Merchants are increasingly looking beyond U.S. borders to attract new customers. While the potential upside is great, sellers should prepare extensively and ramp up gradually to ensure they’re equipped for global success.
Technology researcher Forrester estimates that some
15% of all e-commerce sales will be transacted across borders by 2021, and leading online brands such as eBay report that
more than a third of their revenues are already generated internationally. But with new opportunity comes new risk; given cultural differences and regulatory hurdles, there’s a real danger of flubbing entry into international markets. We’ve seen this happen already with well-established retailers. For example, Home Depot had to close up shop in China because the retailer underestimated cultural tendencies in home improvement. Best Buy miscalculated its efforts in China, as well, by selling complex consumer electronic products when most Chinese consumers preferred more basic items like TVs and DVD players.

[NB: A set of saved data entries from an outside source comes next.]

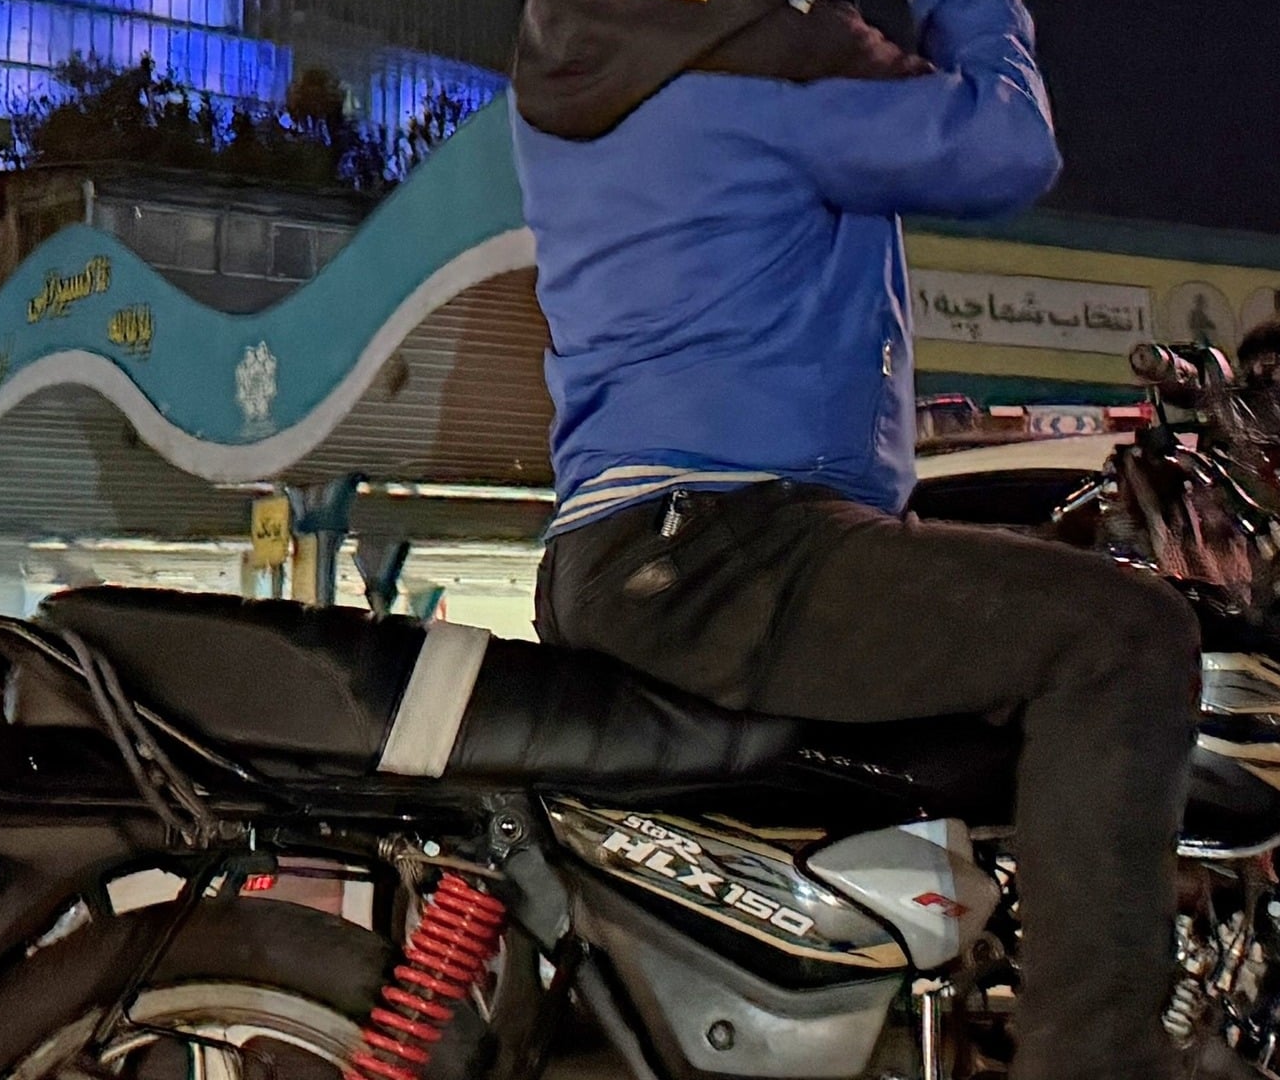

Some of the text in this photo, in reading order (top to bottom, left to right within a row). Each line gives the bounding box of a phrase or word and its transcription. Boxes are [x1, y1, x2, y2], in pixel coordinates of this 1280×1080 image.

[988, 291, 1045, 324] شما
[1047, 301, 1145, 337] انتخاب
[601, 830, 817, 937] HLX 150
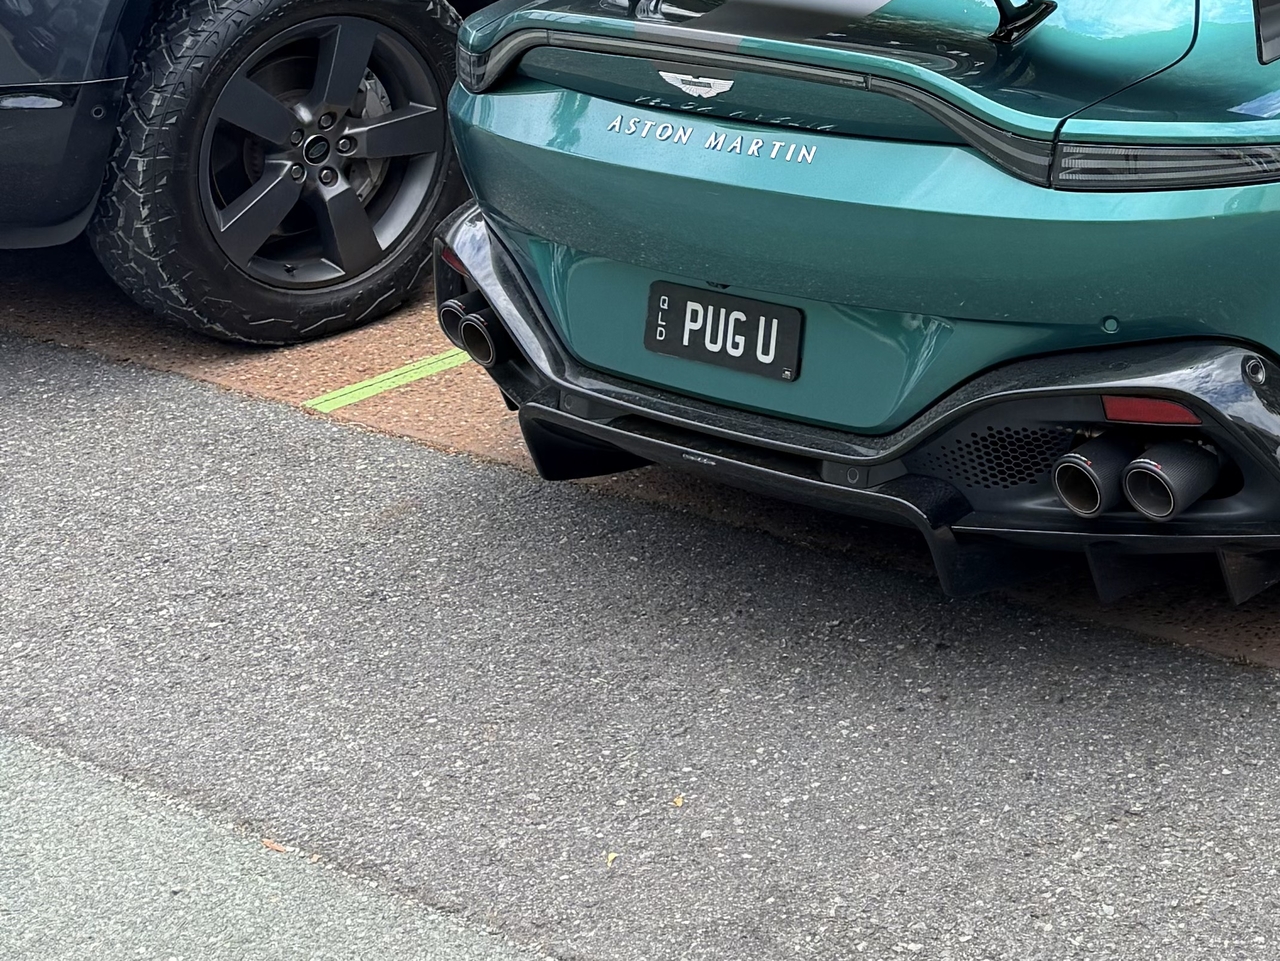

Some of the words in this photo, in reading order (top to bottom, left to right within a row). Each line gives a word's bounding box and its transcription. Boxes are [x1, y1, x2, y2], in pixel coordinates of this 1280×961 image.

[606, 114, 694, 145] ASTON
[704, 131, 818, 164] MARTIN
[682, 300, 747, 358] PUG
[756, 315, 778, 364] U

To avoid these kinds of pitfalls, merchants considering international expansion should research their options extensively. For instance, Export.gov is one good resource to explore. Developed by international trade specialists and economists from 19 different U.S. government agencies,
Export.gov is a good source for trusted market intelligence, practical advice and business tools to help retailers understand how to export, connect with foreign buyers, and expand operations in new markets.
Additionally, here are other key factors to consider when looking to expand internationally.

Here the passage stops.